Read on to find out how exactly this Back to the Future icon discovered he had the disease and the work he has done to put it in its place.
When was Michael J. Fox diagnosed with Parkinson’s?
The idea that Fox may have Parkinson’s disease first came to his attention in 1991 when he was around 31-years-old. He was filming the small-town fish-out-of-water comedy movie Doc Hollywood when he began to notice his little finger moving of its own accord.
Combined with a slight pain in his shoulder, it was enough for him to get it checked out by his doctor and he was formally diagnosed with Parkinson’s disease shortly afterwards.
For those unaware, Parkinson’s is a degenerative disease that affects the body's nervous and motor systems and can lead to a number of different symptoms, the most noticeable of which is visible tremors.
While there are various ways a person can minimise these issues through medicines and treatments, there is no known cure for Parkinson’s disease.
Research around the cause of Parkinson’s is poor and the reasons why a person may get the disease are not wholly understood. It has been found that a combination of genetic and environmental factors may be the blame in some scenarios, with the latter involving head injuries and exposure to certain types of pesticides and chemicals.
Fox was one of four members of the cast and crew of the Canadian series Leo and Me who later developed early on-set Parkinson’s.

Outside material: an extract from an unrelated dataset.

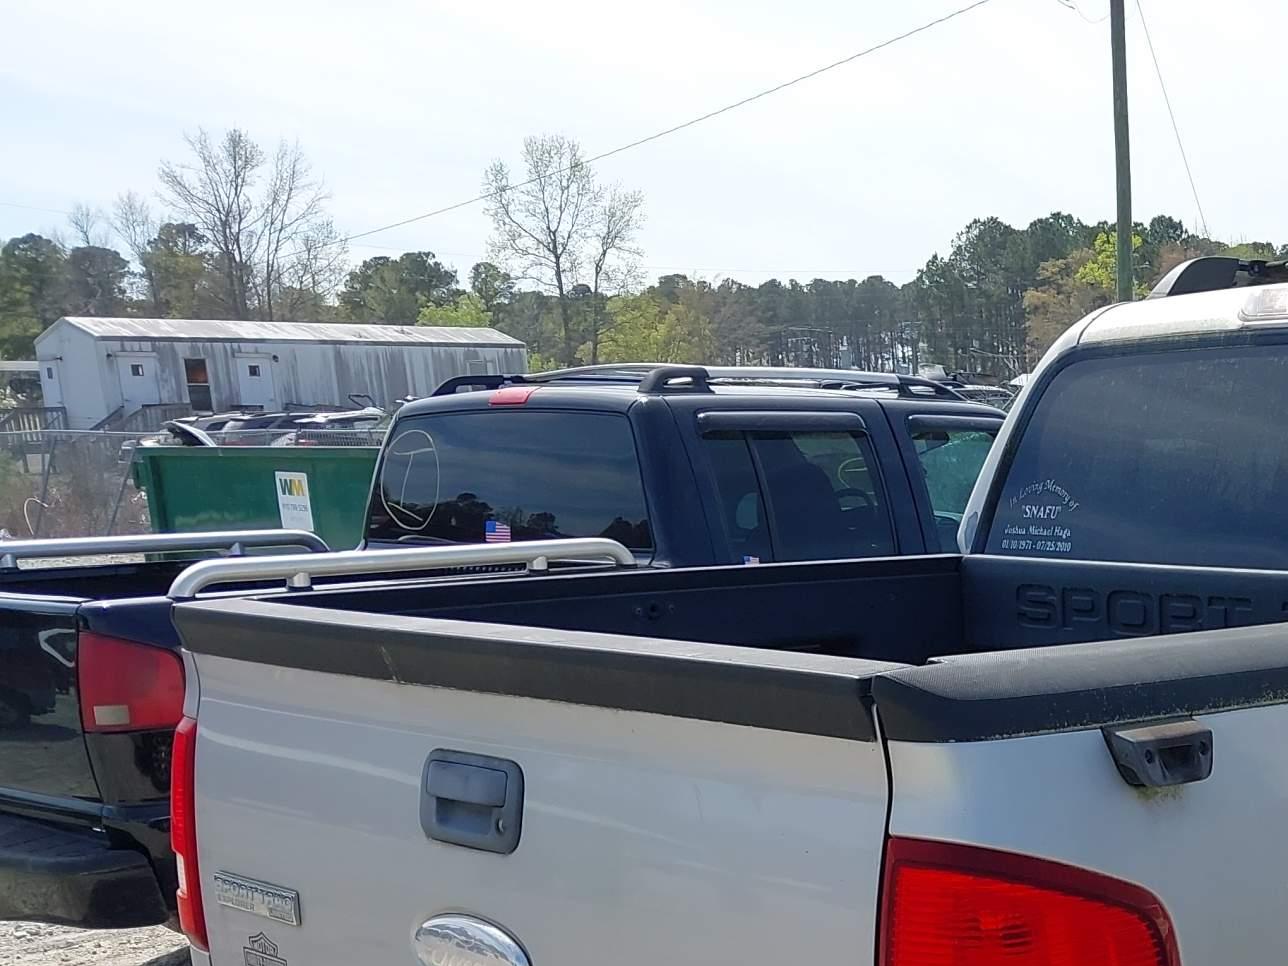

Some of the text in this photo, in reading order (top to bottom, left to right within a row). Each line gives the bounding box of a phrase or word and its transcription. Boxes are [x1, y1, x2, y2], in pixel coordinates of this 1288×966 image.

Commenting during a 2020 interview with the Guardian, he said: "I can think of a thousand possible scenarios: I used to go fishing in a river near paper mills and eat the salmon I caught; I've been to a lot of farms; I smoked a lot of pot in high school when the government was poisoning the crops.
"But you can drive yourself crazy trying to figure it out.”
What happened after his diagnosis?
Following his diagnosis, Fox suffered depression and began drinking heavily before getting sober and publicly announcing his condition in 1998.
While he was originally told that his ability to work would be impacted in the future, Fox continued to star in a number of projects until his symptoms became too obvious to carry on working.
In 1996, he returned to the small screen in the sitcom Spin City, starring in the show until 2001.
On the big screen, he provided the voice of the animated Stuart Little in three movies while continuing to sporadically appear in various smaller roles in feature films leading all the way to 2023’s documentary Still: A Michael J. Fox Story.
After retiring from Spin City, Fox guest starred in Scrubs, The Good Wife and Curb Your Enthusiasm, with each of his performances earning critical acclaim.
In 2012, he made his life with Parkinson’s the focus of his very own series in The Michael J. Fox Show and later released four books about his career and life with Parkinson’s between the years of 2002 and 2020.
Throughout this work, Fox has established himself as one of the most prominent voices in the world of Parkinson’s disease research. In 2000, he founded the Michael J. Fox Foundation to help pave the way towards research and, hopefully, a cure for the disease.
In the years since he has been vocal in encouraging American politicians to invest in stem cell research and in 2022 he was awarded the Jean Hersholt Humanitarian Award for earning over $1 billion for medical research.